──────── INFORMATION GIVEN

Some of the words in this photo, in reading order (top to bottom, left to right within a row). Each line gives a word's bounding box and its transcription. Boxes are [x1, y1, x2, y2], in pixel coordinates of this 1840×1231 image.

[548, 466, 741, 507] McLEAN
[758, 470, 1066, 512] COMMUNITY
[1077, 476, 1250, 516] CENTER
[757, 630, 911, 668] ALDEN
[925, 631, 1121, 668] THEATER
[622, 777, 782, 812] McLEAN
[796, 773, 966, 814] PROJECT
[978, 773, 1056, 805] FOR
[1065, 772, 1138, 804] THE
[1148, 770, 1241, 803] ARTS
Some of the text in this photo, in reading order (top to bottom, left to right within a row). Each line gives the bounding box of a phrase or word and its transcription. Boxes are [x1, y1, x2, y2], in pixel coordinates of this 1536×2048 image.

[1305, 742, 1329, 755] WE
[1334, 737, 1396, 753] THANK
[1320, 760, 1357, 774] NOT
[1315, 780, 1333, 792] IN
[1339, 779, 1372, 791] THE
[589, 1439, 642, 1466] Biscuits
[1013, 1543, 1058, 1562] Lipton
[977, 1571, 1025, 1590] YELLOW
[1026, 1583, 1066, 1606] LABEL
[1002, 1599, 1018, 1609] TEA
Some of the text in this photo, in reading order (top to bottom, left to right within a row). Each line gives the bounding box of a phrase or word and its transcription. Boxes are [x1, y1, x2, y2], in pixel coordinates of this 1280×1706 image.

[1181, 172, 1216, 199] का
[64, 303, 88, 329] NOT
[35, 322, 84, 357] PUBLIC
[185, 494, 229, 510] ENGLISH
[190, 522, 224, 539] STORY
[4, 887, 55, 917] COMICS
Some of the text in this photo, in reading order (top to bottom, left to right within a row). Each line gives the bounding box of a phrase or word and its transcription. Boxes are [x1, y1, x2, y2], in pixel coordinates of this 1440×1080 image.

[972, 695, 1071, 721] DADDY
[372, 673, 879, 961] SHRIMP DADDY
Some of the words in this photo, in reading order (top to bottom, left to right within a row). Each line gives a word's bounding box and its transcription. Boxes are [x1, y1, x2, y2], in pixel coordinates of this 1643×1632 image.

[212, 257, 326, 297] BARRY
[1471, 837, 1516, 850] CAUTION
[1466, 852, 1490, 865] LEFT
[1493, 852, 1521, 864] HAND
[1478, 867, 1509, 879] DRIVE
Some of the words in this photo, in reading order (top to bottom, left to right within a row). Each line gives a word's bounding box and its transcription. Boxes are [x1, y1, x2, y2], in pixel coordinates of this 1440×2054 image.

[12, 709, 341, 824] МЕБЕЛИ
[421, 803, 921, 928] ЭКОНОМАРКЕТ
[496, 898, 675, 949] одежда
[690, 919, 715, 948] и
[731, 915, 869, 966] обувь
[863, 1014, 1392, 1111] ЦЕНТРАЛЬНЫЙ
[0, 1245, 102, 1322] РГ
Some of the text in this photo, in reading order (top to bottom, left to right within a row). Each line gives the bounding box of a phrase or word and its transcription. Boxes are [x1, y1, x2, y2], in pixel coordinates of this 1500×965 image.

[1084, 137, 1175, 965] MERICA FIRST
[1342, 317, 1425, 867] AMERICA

────────────────

**WORK INSTRUCTION:** Copy the data exactly. Leave nothing out.

**EXERCISE ANSWER:**
Some of the words in this photo, in reading order (top to bottom, left to right within a row). Each line gives a word's bounding box and its transcription. Boxes are [x1, y1, x2, y2], in pixel coordinates of this 1840×1231 image.

[548, 466, 741, 507] McLEAN
[758, 470, 1066, 512] COMMUNITY
[1077, 476, 1250, 516] CENTER
[757, 630, 911, 668] ALDEN
[925, 631, 1121, 668] THEATER
[622, 777, 782, 812] McLEAN
[796, 773, 966, 814] PROJECT
[978, 773, 1056, 805] FOR
[1065, 772, 1138, 804] THE
[1148, 770, 1241, 803] ARTS
Some of the text in this photo, in reading order (top to bottom, left to right within a row). Each line gives the bounding box of a phrase or word and its transcription. Boxes are [x1, y1, x2, y2], in pixel coordinates of this 1536×2048 image.

[1305, 742, 1329, 755] WE
[1334, 737, 1396, 753] THANK
[1320, 760, 1357, 774] NOT
[1315, 780, 1333, 792] IN
[1339, 779, 1372, 791] THE
[589, 1439, 642, 1466] Biscuits
[1013, 1543, 1058, 1562] Lipton
[977, 1571, 1025, 1590] YELLOW
[1026, 1583, 1066, 1606] LABEL
[1002, 1599, 1018, 1609] TEA
Some of the text in this photo, in reading order (top to bottom, left to right within a row). Each line gives the bounding box of a phrase or word and its transcription. Boxes are [x1, y1, x2, y2], in pixel coordinates of this 1280×1706 image.

[1181, 172, 1216, 199] का
[64, 303, 88, 329] NOT
[35, 322, 84, 357] PUBLIC
[185, 494, 229, 510] ENGLISH
[190, 522, 224, 539] STORY
[4, 887, 55, 917] COMICS
Some of the text in this photo, in reading order (top to bottom, left to right within a row). Each line gives the bounding box of a phrase or word and its transcription. Boxes are [x1, y1, x2, y2], in pixel coordinates of this 1440×1080 image.

[972, 695, 1071, 721] DADDY
[372, 673, 879, 961] SHRIMP DADDY
Some of the words in this photo, in reading order (top to bottom, left to right within a row). Each line gives a word's bounding box and its transcription. Boxes are [x1, y1, x2, y2], in pixel coordinates of this 1643×1632 image.

[212, 257, 326, 297] BARRY
[1471, 837, 1516, 850] CAUTION
[1466, 852, 1490, 865] LEFT
[1493, 852, 1521, 864] HAND
[1478, 867, 1509, 879] DRIVE
Some of the words in this photo, in reading order (top to bottom, left to right within a row). Each line gives a word's bounding box and its transcription. Boxes are [x1, y1, x2, y2], in pixel coordinates of this 1440×2054 image.

[12, 709, 341, 824] МЕБЕЛИ
[421, 803, 921, 928] ЭКОНОМАРКЕТ
[496, 898, 675, 949] одежда
[690, 919, 715, 948] и
[731, 915, 869, 966] обувь
[863, 1014, 1392, 1111] ЦЕНТРАЛЬНЫЙ
[0, 1245, 102, 1322] РГ
Some of the text in this photo, in reading order (top to bottom, left to right within a row). Each line gives the bounding box of a phrase or word and its transcription. Boxes are [x1, y1, x2, y2], in pixel coordinates of this 1500×965 image.

[1084, 137, 1175, 965] MERICA FIRST
[1342, 317, 1425, 867] AMERICA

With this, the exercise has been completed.